From the diary of Bruce Wilson the following tales are recollections of the authors time at Silverwood, the tales are a mixture of personal events and stories related to Bruce. In with the tales are some first hand descriptions of the mine workings, and a fascinating glimpse into the history of Silverwood. So read on, explore the mine and meet some of the miners.
Please note that the tales from the mine pages are linked at the foot of each page.
"THEN I WENT TO WORK DARN, PIT".
" I was well prepared for it the environment was different, but to me the men were the same .I came across the older end, whom you respected, good old fashioned, down to earth, stand no nonsense men, do your job, have a laugh, you couldn't put a price on those times".
All the elder men had been in coal all their lives, their sons were there as well, one of my first jobs was tramming supplies up S9,s loader gate, Ted Holton was the official, (9,s face swallow wood seam ) I used to load supplies on a skelly, ( a flat mine car/ tub) girders, steel sheets, throw a rope over my shoulder and pull it several hundred yards up to the loadergate rip. (where the roadway ended and the rippers were setting roof supports etc.).
There was Jack the
pit Bottom fitter, as straight as a die, must have been getting on in years
then, on leave in the war, he was called back up, in the last bayonet charge in the
war (in the desert) came back down the pit.
During my first few years, I worked along side a lot of the old school George being one of them, he was Pit bottom loco guard, he told me the story of how he was the paddy mail guard on that fatal trip in 1966. He knew summat, was up and bailed out, and jumped over the Braithwell air range ( I saw the spot) years later when checking the egress with the deputy in 1979, when the old mail plain was opened up, and a drift was started, several yds inbye. you could walk to the Stoppings, just behind them was the passbye were many men met their end.
My deputy down Braithwell 2 development in 1979 that mans name was PAUL ROACH. Nuns fetched him up in Torquay, a club turn he was.

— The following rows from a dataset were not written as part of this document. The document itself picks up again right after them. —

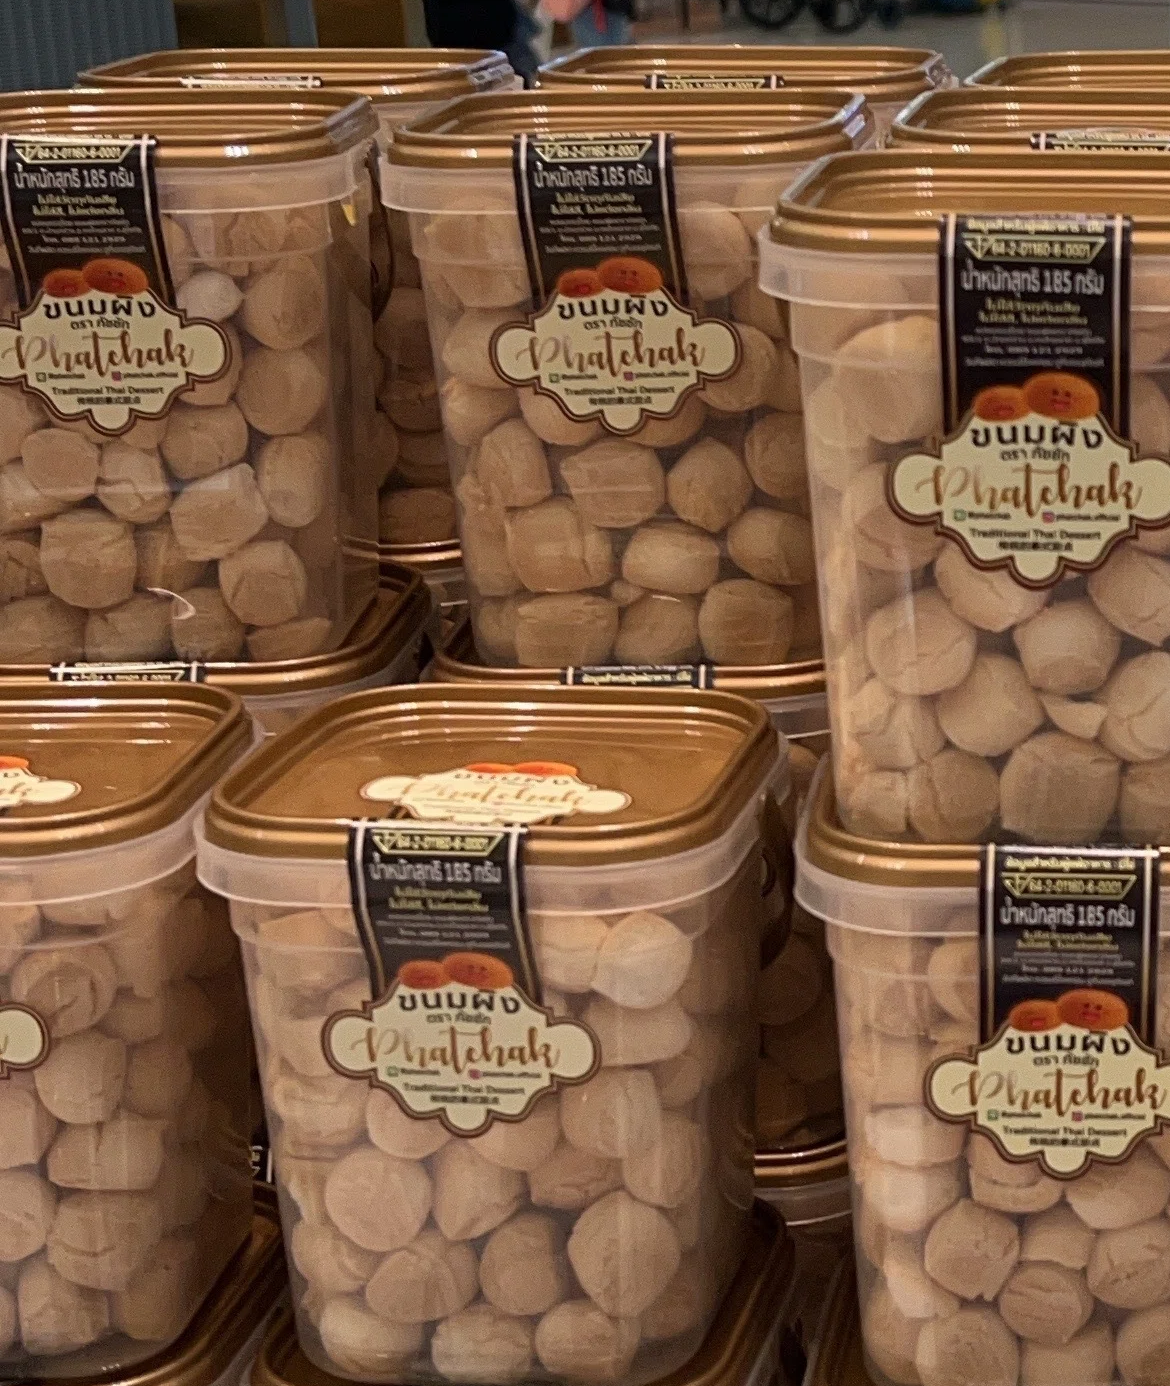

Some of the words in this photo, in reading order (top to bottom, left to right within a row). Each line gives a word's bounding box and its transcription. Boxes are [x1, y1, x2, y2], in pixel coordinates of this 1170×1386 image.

[83, 168, 107, 187] 185
[601, 166, 626, 186] 185
[1043, 269, 1072, 294] 185
[43, 296, 155, 319] ขนมผิง
[557, 294, 669, 320] ขนมผิง
[1, 328, 194, 377] Phatchak
[515, 327, 705, 377] Phatchak
[971, 421, 1102, 448] ขนมผิง
[915, 463, 1142, 517] Phatchak
[969, 528, 1031, 538] Traditional
[1033, 529, 1057, 538] Thai
[444, 863, 471, 882] 185
[1078, 906, 1105, 927] 185
[399, 990, 520, 1013] ขนมผิง
[351, 1026, 560, 1074] Phatchak
[1006, 1032, 1130, 1055] ขนมผิง
[404, 1084, 459, 1093] Traditional
[952, 1068, 1167, 1116] Phatchak
[1004, 1125, 1060, 1134] Traditional
[1063, 1126, 1085, 1134] Thai
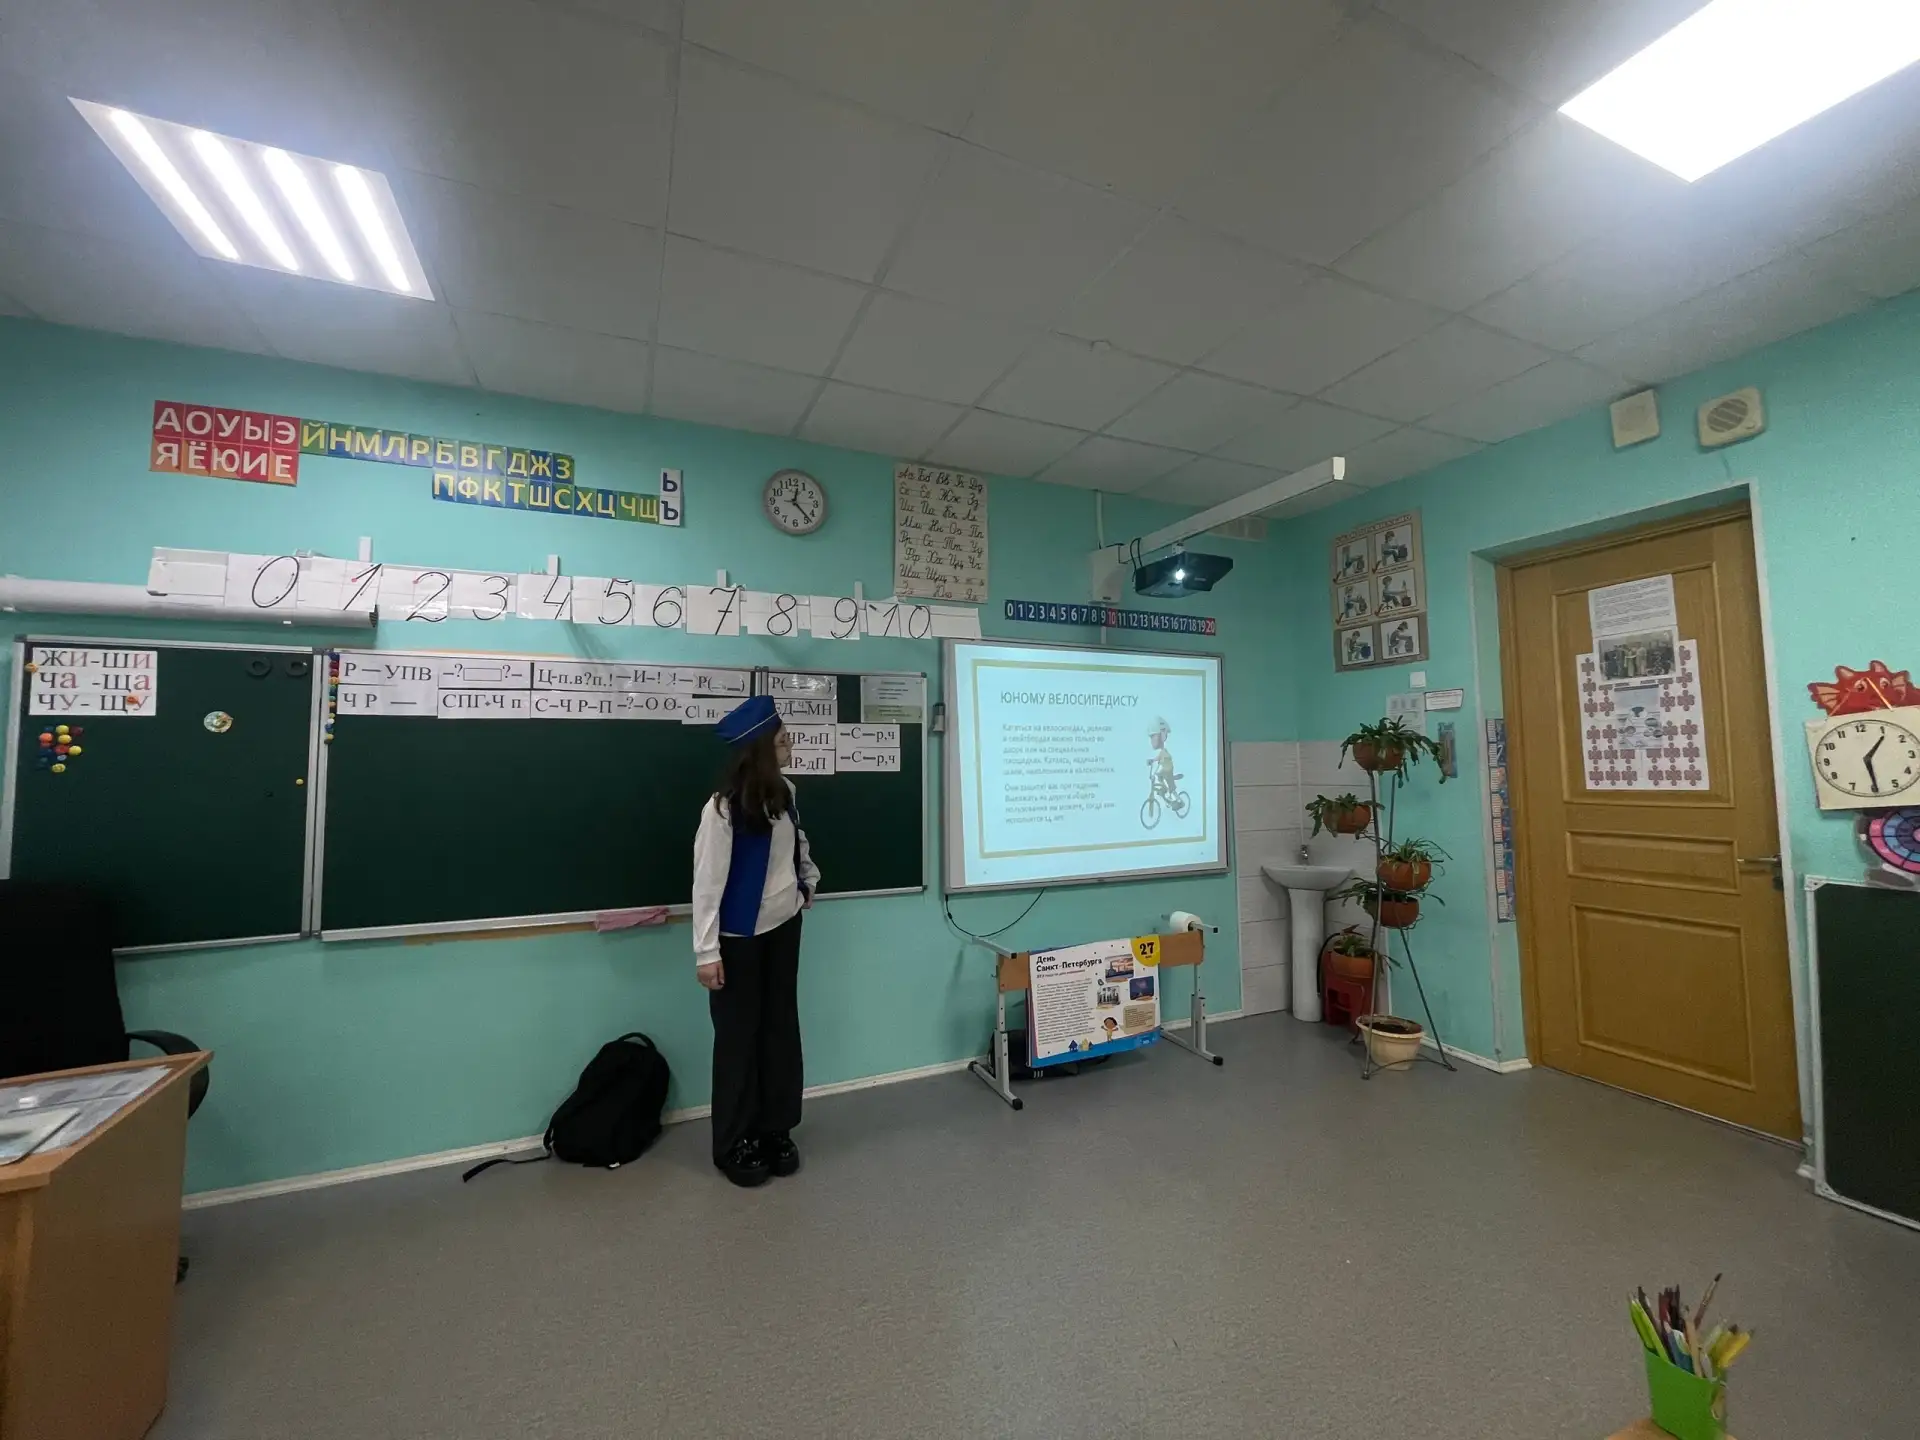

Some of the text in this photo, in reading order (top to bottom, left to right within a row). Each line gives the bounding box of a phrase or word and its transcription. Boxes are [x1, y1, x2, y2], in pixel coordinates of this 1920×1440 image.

[780, 480, 789, 489] 11
[788, 478, 799, 487] 12
[801, 482, 806, 491] 1
[772, 488, 783, 497] 10
[808, 490, 814, 499] 2
[769, 497, 776, 506] 9
[812, 499, 819, 509] 3
[773, 506, 780, 515] 8
[809, 509, 816, 517] 4
[782, 515, 788, 523] 7
[792, 518, 799, 528] 6
[803, 516, 810, 525] 5
[252, 555, 931, 640] 0 1 2 3 4 5 6 7 8 9 10
[1007, 603, 1215, 633] 0 1 2 3 4 5 6 7 8 9 10 11 12 13 14 15 16 17 18 19 20
[1000, 691, 1139, 709] ЮНОМУ ВЕЛОСИПЕДИСТУ
[1854, 724, 1867, 733] 12
[1880, 725, 1886, 735] 1
[1837, 730, 1846, 739] 11
[1898, 734, 1907, 744] 2
[1824, 742, 1836, 751] 10
[1907, 749, 1916, 759] 3
[1823, 757, 1831, 767] 9
[1903, 766, 1912, 775] 4
[1830, 771, 1838, 780] 8
[1848, 782, 1856, 791] 7
[1891, 778, 1900, 788] 5
[1139, 941, 1155, 956] 27
[1035, 954, 1056, 965] День
[1035, 957, 1103, 972] Санкт-Петербурга
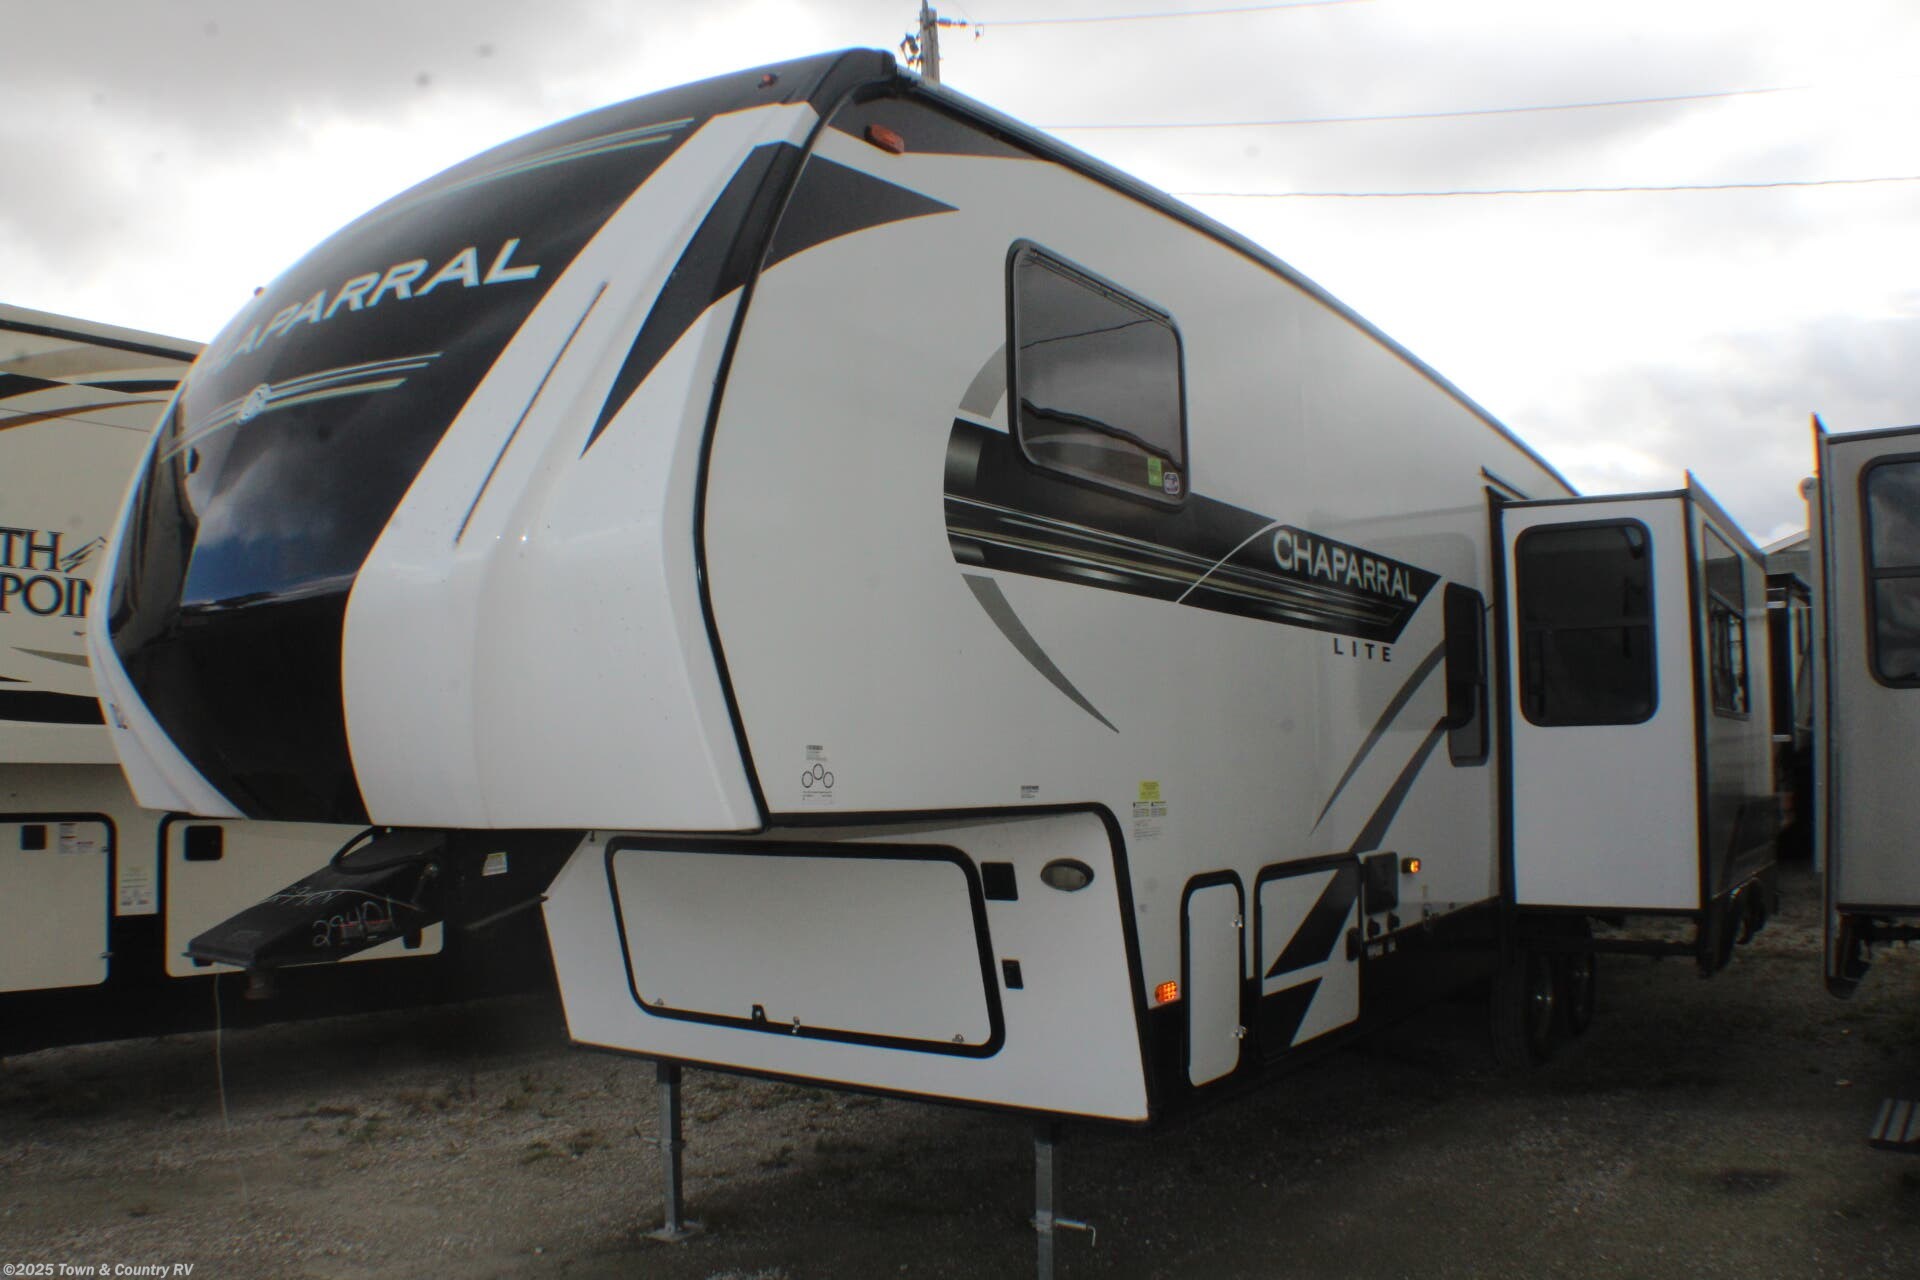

Even down the pit he was always singing, he would say OK for sound son, you knew which generation he came from. ( Marx bros? ) He was a p.o.w. japs got him owd he told me, because he was a miner they put him in the Jap mines, their coal was rubbish he told me, horrible Brown stuff, I don't know which Island he was on, Again he told me, one day a Jap guard came to the fence, a British Soldiers Buttons were always highly polished, Paul told me , having a couple in his pocket, he swapped them for a couple of cigs with the guard, Paul, told me he kept out of that guards way after that. At this time in 1979, Paul was nights regular, everybody knew him.
Did I tell you the one about Ginner, John ,it was told to me as a Pit joke, but as they say many a true word is told in jest. I was told it by an old miner at Silverwood years ago, I do think its true. In the old Barnsley seam the old hands told me you could hear Maltby men working close by, so the Silverwood men would shut the face down for safety etc, and move on. One day they broke into some old Maltby workings, they said it was as if time stood still, the elements couldn't get down here, mine tubs ,upside down, stuck in the roof, pit props snapped in two like matchwood, the Silverwood men knew what they'd come across, the disaster of 1912 or 1933 ?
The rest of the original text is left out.